**RECORDS TO PROCESS**
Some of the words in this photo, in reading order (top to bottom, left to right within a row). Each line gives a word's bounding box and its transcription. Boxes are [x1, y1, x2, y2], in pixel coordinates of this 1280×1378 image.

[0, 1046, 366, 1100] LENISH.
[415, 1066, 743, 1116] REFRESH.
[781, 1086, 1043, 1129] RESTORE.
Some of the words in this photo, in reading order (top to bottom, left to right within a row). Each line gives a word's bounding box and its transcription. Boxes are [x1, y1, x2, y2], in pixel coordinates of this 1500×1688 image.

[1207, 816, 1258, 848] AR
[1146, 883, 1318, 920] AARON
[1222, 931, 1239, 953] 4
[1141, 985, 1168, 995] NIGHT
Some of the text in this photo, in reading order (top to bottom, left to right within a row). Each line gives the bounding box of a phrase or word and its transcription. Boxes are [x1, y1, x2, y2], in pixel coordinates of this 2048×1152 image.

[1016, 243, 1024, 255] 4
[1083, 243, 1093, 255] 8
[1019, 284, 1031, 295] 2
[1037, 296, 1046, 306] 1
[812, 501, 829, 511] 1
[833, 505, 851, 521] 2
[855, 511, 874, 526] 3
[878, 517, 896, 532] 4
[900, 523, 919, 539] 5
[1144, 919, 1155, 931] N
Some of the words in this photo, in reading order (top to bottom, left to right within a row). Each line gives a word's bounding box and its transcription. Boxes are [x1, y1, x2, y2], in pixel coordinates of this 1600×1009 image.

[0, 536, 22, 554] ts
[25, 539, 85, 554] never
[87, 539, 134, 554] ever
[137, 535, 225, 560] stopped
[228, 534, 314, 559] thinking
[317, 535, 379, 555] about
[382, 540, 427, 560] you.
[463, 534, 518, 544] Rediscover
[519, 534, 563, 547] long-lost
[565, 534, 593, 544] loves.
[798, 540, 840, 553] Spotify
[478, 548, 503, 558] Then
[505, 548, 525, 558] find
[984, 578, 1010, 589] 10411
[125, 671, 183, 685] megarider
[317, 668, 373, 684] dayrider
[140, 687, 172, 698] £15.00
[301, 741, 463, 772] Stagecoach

**TASK REQUIREMENTS**
Repeat the material word for word, leaving out no line.

**TASK RESULT**
Some of the words in this photo, in reading order (top to bottom, left to right within a row). Each line gives a word's bounding box and its transcription. Boxes are [x1, y1, x2, y2], in pixel coordinates of this 1280×1378 image.

[0, 1046, 366, 1100] LENISH.
[415, 1066, 743, 1116] REFRESH.
[781, 1086, 1043, 1129] RESTORE.
Some of the words in this photo, in reading order (top to bottom, left to right within a row). Each line gives a word's bounding box and its transcription. Boxes are [x1, y1, x2, y2], in pixel coordinates of this 1500×1688 image.

[1207, 816, 1258, 848] AR
[1146, 883, 1318, 920] AARON
[1222, 931, 1239, 953] 4
[1141, 985, 1168, 995] NIGHT
Some of the text in this photo, in reading order (top to bottom, left to right within a row). Each line gives the bounding box of a phrase or word and its transcription. Boxes are [x1, y1, x2, y2], in pixel coordinates of this 2048×1152 image.

[1016, 243, 1024, 255] 4
[1083, 243, 1093, 255] 8
[1019, 284, 1031, 295] 2
[1037, 296, 1046, 306] 1
[812, 501, 829, 511] 1
[833, 505, 851, 521] 2
[855, 511, 874, 526] 3
[878, 517, 896, 532] 4
[900, 523, 919, 539] 5
[1144, 919, 1155, 931] N
Some of the words in this photo, in reading order (top to bottom, left to right within a row). Each line gives a word's bounding box and its transcription. Boxes are [x1, y1, x2, y2], in pixel coordinates of this 1600×1009 image.

[0, 536, 22, 554] ts
[25, 539, 85, 554] never
[87, 539, 134, 554] ever
[137, 535, 225, 560] stopped
[228, 534, 314, 559] thinking
[317, 535, 379, 555] about
[382, 540, 427, 560] you.
[463, 534, 518, 544] Rediscover
[519, 534, 563, 547] long-lost
[565, 534, 593, 544] loves.
[798, 540, 840, 553] Spotify
[478, 548, 503, 558] Then
[505, 548, 525, 558] find
[984, 578, 1010, 589] 10411
[125, 671, 183, 685] megarider
[317, 668, 373, 684] dayrider
[140, 687, 172, 698] £15.00
[301, 741, 463, 772] Stagecoach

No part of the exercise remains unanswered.